Griffins forward John Vigilante was raised in the Detroit area, growing up in Dearborn and playing hockey in Ann Arbor and Plymouth before turning pro.
Story and photo by Mark Newman
John Vigilante was born to play hockey.
Raised in the shadows of Hockeytown and blessed with a name that was ranked as the ninth best moniker in the sport by The Hockey News, Vigilante was destined to lace up a pair of skates and play the game.
Or so it would seem.
In truth, Vigilante might never have made his way onto the ice if his mother had not been a frugal shopper.
“My grandpa had played hockey, but none of us had been on the ice until my mom was at a garage sale and saw a full set of hockey equipment for $2,” said Vigilante, 24.
“She ended up buying the equipment, thinking it was a steal, and they threw it on my oldest brother. It just seemed like our family took to the ice after that.”
His father, Jerry, was the longtime Dearborn fire marshal before he retired a few years ago; his mother, Debbie, worked various office jobs. Both supported their four children’s interest in skating and hockey.
Bill, the oldest and now a firefighter himself, won a state championship with the Westland Stingers as a 15-year-old. Laurie, now a teacher in the Dearborn area, became a figure skating coach. Mike, who played four years at Lake Superior State University, spent several seasons in the ECHL and AHL.
John, the youngest of the four, wasn’t exactly a natural when it came to the ice, however.
“I almost didn’t play,” he said flatly. “I used to watch my brothers and sister skate and they could just fly, so I thought that’s what I would be able to do.
“But my first time on the ice, I fell right on my face and just sat there crying for probably a half hour. I was only three years old but for some reason, I remember sitting on the net and crying and not wanting to move. My parents left me out there but my brothers soon helped get me going.

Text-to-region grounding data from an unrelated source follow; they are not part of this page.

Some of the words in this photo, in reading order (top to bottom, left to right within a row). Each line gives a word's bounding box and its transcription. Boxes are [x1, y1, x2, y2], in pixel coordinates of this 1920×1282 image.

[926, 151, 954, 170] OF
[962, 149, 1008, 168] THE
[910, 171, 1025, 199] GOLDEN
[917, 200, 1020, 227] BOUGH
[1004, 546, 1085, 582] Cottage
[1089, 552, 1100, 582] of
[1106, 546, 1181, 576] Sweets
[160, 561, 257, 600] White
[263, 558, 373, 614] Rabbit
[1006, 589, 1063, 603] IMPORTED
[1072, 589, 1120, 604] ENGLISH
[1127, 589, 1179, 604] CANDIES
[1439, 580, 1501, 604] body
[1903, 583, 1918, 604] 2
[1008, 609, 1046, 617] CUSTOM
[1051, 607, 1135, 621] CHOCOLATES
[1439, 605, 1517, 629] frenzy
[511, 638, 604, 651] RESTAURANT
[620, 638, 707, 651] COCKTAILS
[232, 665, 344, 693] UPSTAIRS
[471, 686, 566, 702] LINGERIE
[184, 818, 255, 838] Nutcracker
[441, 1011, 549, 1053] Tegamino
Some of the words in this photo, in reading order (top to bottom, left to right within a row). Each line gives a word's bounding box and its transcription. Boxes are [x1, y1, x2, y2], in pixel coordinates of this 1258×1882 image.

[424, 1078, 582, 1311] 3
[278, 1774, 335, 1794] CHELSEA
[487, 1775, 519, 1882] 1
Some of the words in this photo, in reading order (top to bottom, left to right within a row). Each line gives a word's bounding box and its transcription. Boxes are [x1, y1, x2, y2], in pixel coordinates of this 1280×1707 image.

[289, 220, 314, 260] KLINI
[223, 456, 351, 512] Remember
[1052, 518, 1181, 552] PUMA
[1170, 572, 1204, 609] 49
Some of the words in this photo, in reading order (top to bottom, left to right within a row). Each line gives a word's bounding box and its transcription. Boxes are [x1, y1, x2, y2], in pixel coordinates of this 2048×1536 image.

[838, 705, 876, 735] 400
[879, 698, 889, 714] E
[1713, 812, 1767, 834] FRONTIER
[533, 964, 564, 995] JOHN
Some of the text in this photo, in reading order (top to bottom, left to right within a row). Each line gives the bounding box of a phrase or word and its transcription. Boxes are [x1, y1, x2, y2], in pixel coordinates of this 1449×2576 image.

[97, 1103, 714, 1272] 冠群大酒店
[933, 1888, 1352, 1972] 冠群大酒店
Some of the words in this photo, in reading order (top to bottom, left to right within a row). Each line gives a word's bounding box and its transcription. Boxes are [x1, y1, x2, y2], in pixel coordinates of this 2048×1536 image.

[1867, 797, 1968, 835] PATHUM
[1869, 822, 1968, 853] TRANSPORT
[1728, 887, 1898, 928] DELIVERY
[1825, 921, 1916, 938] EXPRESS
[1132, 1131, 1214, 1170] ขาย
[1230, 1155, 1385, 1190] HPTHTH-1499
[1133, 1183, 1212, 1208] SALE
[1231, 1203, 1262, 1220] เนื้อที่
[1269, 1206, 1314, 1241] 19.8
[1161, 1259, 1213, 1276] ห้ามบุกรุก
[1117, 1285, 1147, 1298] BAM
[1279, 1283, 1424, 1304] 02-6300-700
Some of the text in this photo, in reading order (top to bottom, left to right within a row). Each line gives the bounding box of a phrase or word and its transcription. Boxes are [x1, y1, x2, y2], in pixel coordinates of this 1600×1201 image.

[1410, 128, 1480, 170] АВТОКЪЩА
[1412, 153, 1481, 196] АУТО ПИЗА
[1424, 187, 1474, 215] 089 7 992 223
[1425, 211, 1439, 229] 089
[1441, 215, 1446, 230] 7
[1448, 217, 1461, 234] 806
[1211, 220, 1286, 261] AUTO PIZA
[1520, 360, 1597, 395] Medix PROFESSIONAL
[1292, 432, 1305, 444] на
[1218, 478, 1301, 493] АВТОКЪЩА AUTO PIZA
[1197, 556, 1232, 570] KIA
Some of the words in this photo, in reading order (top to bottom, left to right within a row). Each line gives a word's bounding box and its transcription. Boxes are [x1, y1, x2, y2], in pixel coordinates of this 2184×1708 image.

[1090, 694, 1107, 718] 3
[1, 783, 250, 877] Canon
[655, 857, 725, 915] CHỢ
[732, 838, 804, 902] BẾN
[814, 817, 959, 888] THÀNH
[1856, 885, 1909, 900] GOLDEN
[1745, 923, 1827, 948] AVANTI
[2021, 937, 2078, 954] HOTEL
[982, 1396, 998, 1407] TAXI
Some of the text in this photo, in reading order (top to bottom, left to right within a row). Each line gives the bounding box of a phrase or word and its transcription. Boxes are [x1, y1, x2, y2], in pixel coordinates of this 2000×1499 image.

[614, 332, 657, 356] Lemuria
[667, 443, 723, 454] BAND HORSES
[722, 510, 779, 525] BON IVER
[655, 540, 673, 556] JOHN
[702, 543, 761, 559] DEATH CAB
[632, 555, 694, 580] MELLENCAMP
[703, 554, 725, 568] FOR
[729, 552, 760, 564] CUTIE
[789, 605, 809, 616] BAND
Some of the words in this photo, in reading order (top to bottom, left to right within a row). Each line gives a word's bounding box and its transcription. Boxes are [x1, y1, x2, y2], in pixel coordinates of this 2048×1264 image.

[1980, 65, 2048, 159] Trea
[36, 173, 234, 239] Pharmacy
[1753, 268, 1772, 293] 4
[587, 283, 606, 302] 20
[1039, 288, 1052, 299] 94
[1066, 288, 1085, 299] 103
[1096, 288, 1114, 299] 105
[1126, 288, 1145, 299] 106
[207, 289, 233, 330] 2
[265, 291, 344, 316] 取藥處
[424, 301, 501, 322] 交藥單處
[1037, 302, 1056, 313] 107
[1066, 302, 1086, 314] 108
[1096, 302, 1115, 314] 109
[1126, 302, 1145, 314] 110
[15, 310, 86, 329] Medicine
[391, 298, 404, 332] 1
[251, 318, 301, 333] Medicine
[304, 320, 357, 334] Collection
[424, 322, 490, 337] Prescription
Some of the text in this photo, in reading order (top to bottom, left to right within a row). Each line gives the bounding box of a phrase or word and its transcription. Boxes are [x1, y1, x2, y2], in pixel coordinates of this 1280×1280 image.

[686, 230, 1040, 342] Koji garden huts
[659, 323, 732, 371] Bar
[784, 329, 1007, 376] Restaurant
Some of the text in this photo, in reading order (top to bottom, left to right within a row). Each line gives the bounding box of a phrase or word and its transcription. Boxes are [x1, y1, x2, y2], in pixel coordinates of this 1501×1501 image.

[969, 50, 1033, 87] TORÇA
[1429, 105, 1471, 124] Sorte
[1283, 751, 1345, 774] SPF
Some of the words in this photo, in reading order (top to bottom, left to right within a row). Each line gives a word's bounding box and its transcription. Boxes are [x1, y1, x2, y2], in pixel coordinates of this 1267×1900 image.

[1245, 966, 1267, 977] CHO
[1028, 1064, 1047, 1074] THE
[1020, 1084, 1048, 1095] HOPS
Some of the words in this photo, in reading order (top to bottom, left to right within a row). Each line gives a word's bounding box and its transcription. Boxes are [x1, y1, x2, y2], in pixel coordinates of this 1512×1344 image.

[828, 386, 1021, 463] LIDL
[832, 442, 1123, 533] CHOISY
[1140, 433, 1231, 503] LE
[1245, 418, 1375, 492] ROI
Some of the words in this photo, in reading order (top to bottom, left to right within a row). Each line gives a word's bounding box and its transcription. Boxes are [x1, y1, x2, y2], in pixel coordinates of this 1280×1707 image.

“Eventually I just fell in love with the game.”
Vigilante attended Edsel Ford High School in Dearborn while he continued to develop his hockey skills. In his teens, Vigilante started to exhibit signs of being a special player.
He won an individual shooting skills competition in Barrie, Ontario, while playing for the AAA Little Caesars team. Later, he played in the finals of the Under-17 international tournament in Winnipeg, where his squad, Team USA, defeated Team Canada 4-3 in overtime to win a world championship.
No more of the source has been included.